Collected data
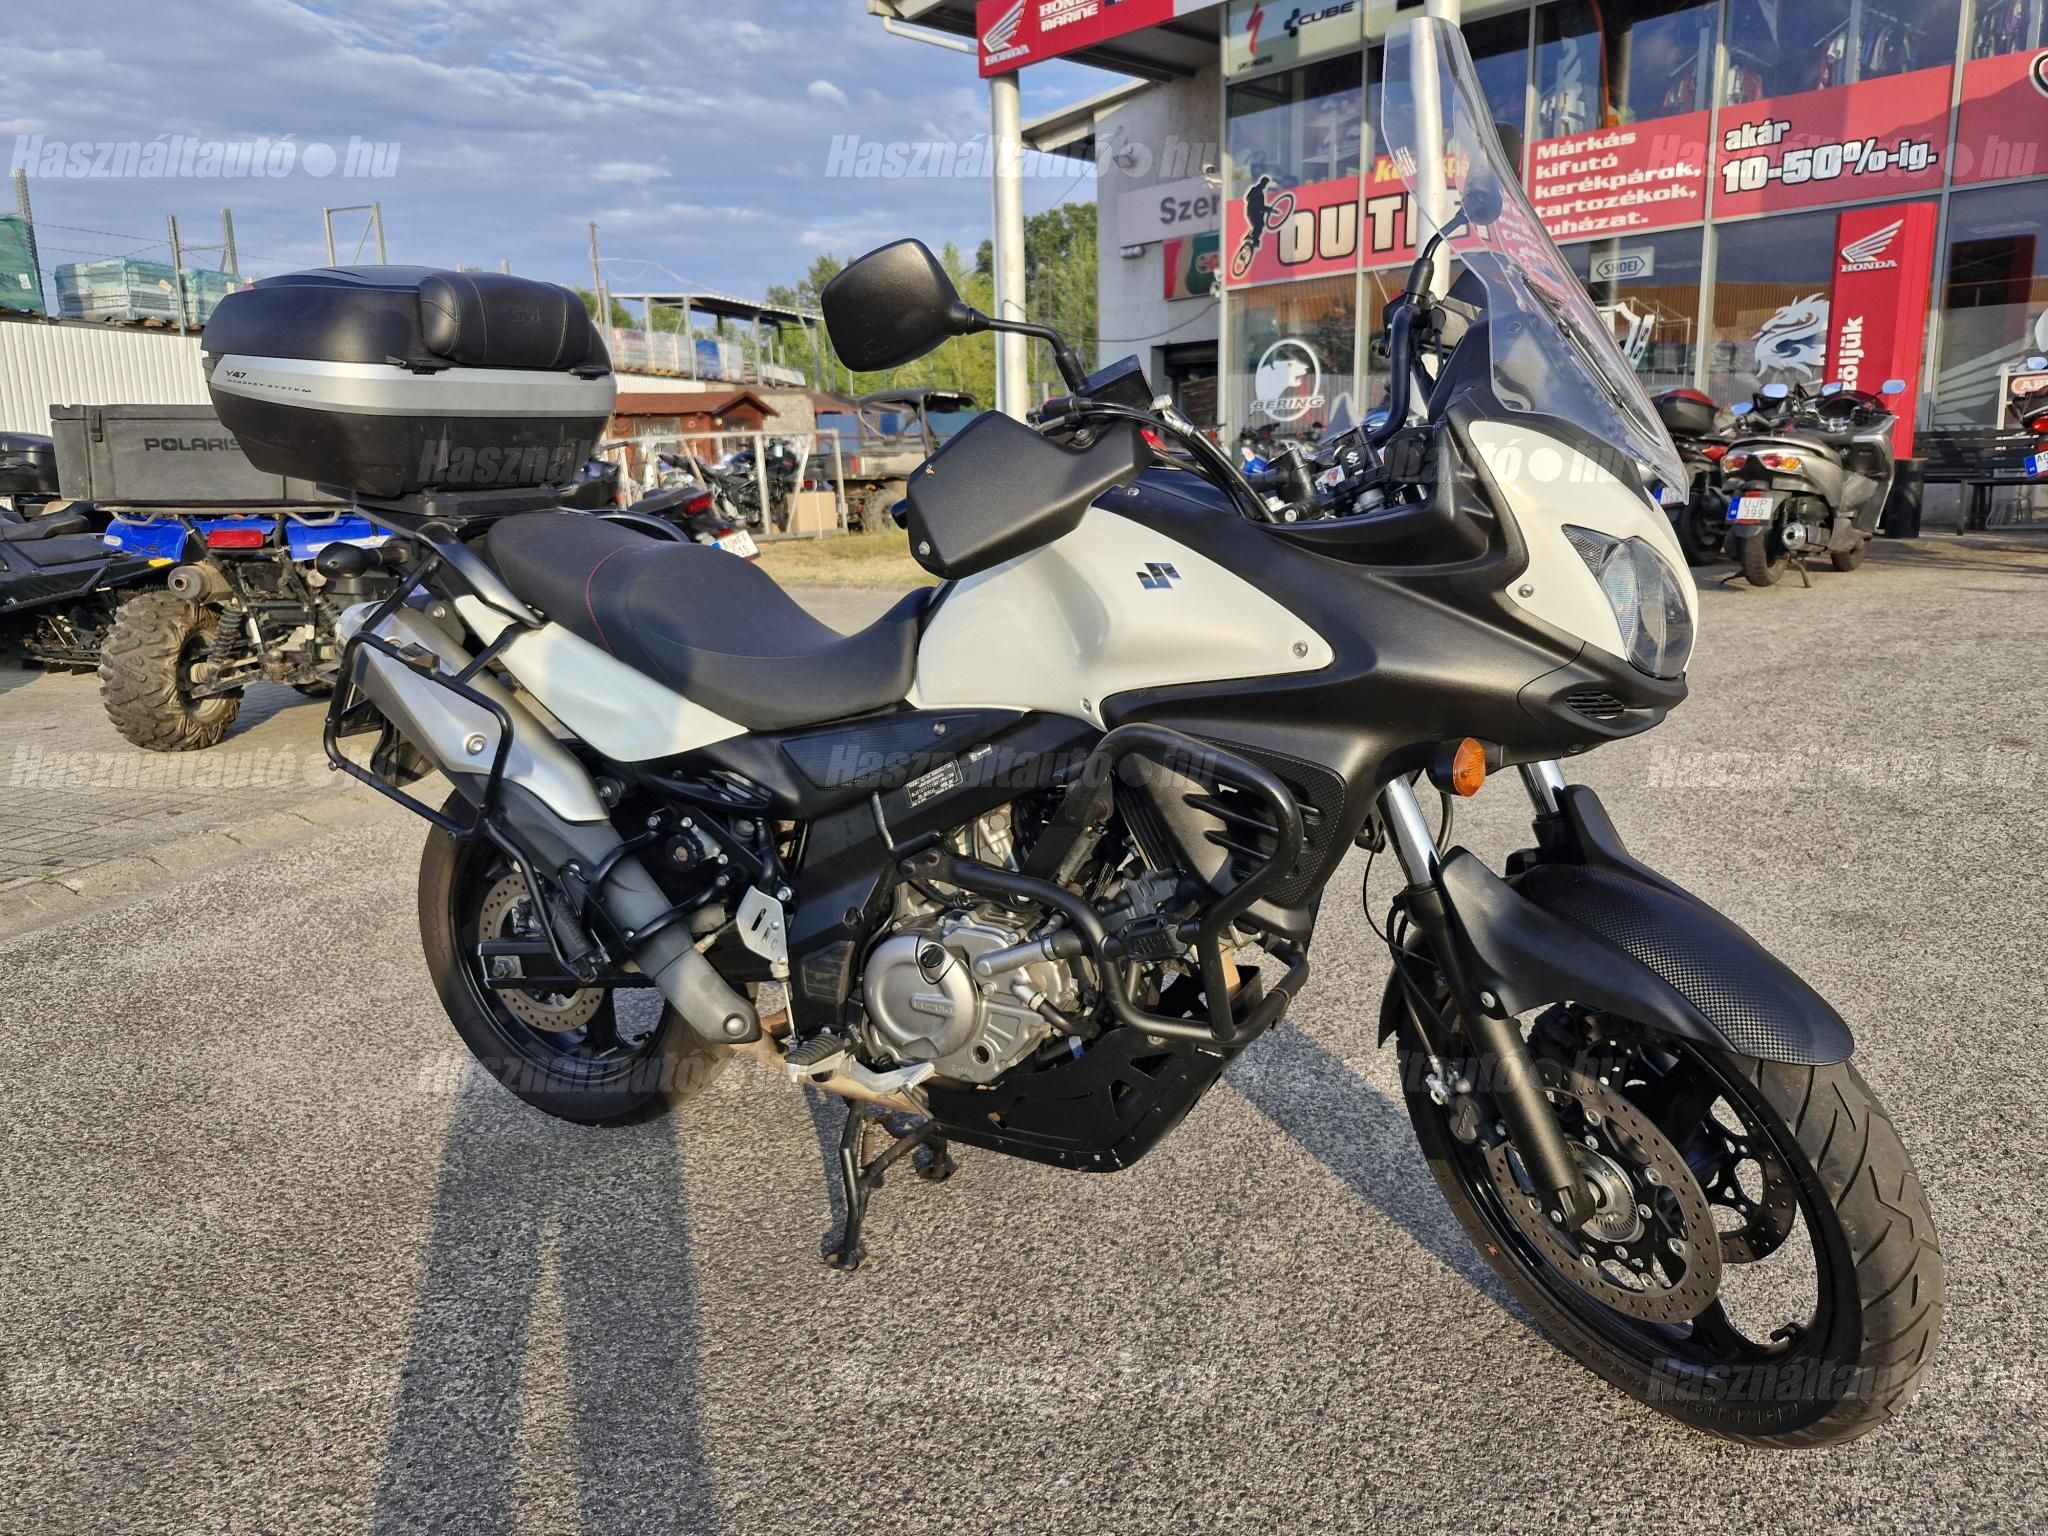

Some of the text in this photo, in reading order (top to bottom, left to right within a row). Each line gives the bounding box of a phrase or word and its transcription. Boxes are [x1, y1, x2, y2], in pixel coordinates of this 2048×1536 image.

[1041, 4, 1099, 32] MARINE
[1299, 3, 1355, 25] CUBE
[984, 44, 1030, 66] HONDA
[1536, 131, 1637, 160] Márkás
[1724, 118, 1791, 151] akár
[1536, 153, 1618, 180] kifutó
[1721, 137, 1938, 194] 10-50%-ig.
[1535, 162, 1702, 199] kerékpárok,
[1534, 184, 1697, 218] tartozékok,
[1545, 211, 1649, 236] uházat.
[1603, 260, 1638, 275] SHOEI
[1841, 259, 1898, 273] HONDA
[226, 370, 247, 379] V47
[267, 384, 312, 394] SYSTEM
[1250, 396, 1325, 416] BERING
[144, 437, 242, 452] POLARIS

Exercise prompt
What is needed is an exact printout of all the entries, without the pictures.

Exercise answer
Some of the text in this photo, in reading order (top to bottom, left to right within a row). Each line gives the bounding box of a phrase or word and its transcription. Boxes are [x1, y1, x2, y2], in pixel coordinates of this 2048×1536 image.

[1041, 4, 1099, 32] MARINE
[1299, 3, 1355, 25] CUBE
[984, 44, 1030, 66] HONDA
[1536, 131, 1637, 160] Márkás
[1724, 118, 1791, 151] akár
[1536, 153, 1618, 180] kifutó
[1721, 137, 1938, 194] 10-50%-ig.
[1535, 162, 1702, 199] kerékpárok,
[1534, 184, 1697, 218] tartozékok,
[1545, 211, 1649, 236] uházat.
[1603, 260, 1638, 275] SHOEI
[1841, 259, 1898, 273] HONDA
[226, 370, 247, 379] V47
[267, 384, 312, 394] SYSTEM
[1250, 396, 1325, 416] BERING
[144, 437, 242, 452] POLARIS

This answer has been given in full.